== EXTRACTED RECORDS
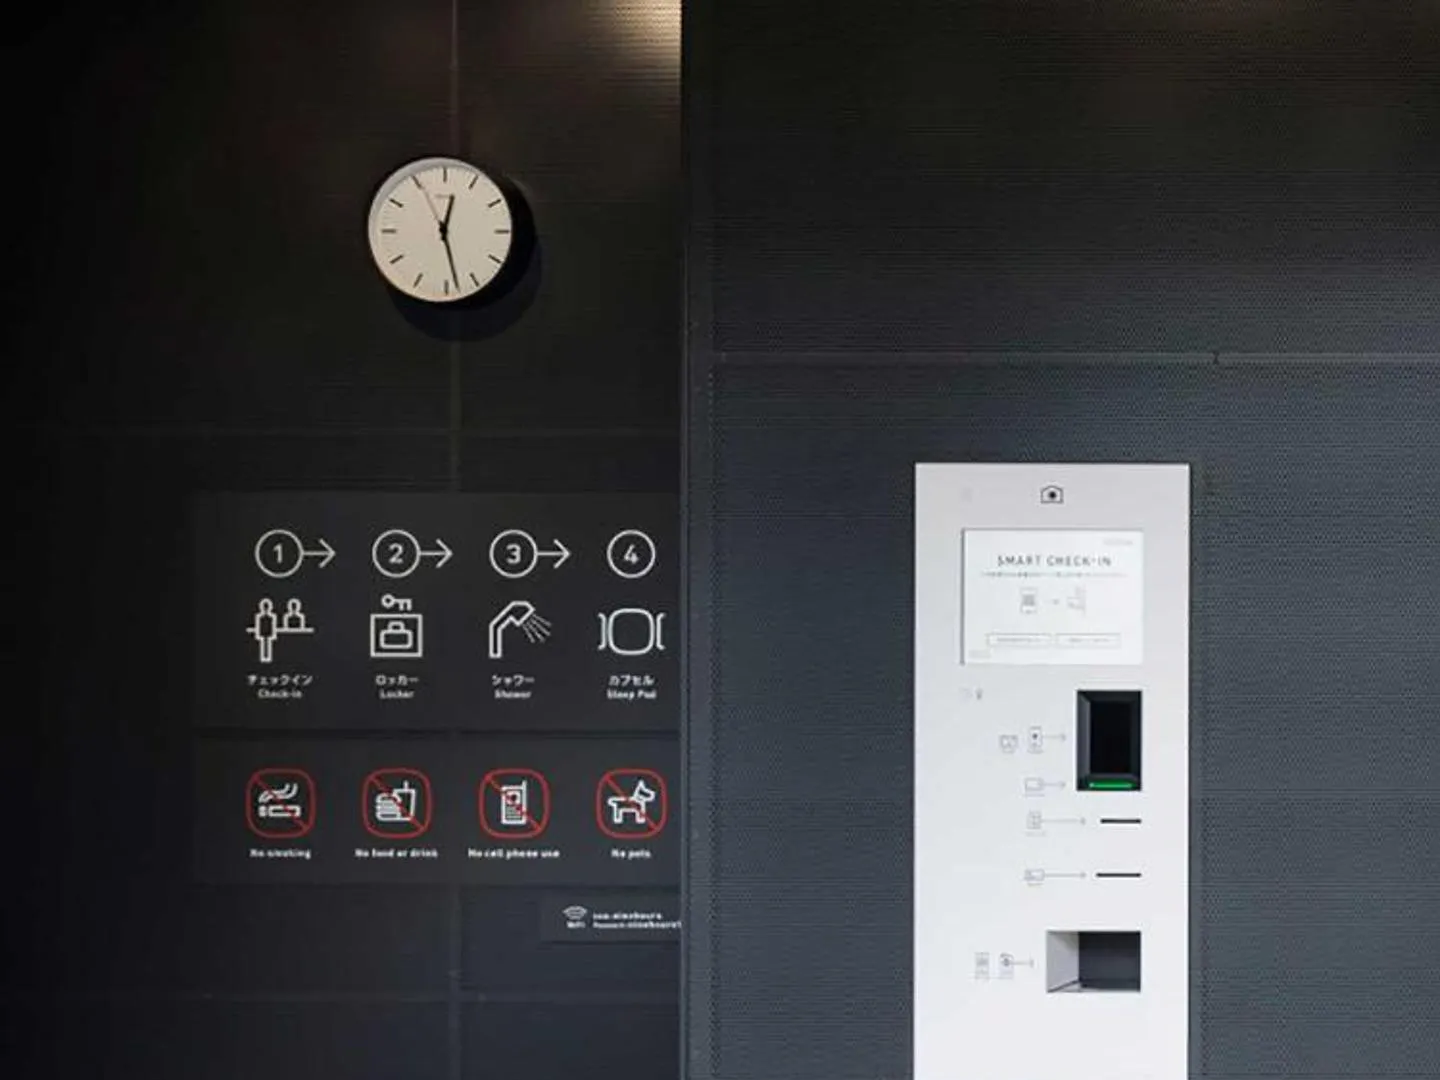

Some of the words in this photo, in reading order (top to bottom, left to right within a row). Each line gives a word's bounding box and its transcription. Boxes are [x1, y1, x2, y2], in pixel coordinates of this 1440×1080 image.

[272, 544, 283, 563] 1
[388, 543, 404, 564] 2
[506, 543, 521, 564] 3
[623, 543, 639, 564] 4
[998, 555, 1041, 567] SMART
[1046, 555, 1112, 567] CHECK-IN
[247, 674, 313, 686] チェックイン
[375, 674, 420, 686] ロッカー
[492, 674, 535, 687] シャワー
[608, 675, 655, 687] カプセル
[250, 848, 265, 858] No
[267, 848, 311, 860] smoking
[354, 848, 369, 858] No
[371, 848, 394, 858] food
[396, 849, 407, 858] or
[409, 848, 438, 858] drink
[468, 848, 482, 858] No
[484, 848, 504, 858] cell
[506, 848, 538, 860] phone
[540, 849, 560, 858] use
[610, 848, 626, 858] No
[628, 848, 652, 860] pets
====
### WORK ITEM
In the copy, keep every line of the data above exactly and drop each picture.

### SOLUTION TO THIS TASK
Some of the words in this photo, in reading order (top to bottom, left to right within a row). Each line gives a word's bounding box and its transcription. Boxes are [x1, y1, x2, y2], in pixel coordinates of this 1440×1080 image.

[272, 544, 283, 563] 1
[388, 543, 404, 564] 2
[506, 543, 521, 564] 3
[623, 543, 639, 564] 4
[998, 555, 1041, 567] SMART
[1046, 555, 1112, 567] CHECK-IN
[247, 674, 313, 686] チェックイン
[375, 674, 420, 686] ロッカー
[492, 674, 535, 687] シャワー
[608, 675, 655, 687] カプセル
[250, 848, 265, 858] No
[267, 848, 311, 860] smoking
[354, 848, 369, 858] No
[371, 848, 394, 858] food
[396, 849, 407, 858] or
[409, 848, 438, 858] drink
[468, 848, 482, 858] No
[484, 848, 504, 858] cell
[506, 848, 538, 860] phone
[540, 849, 560, 858] use
[610, 848, 626, 858] No
[628, 848, 652, 860] pets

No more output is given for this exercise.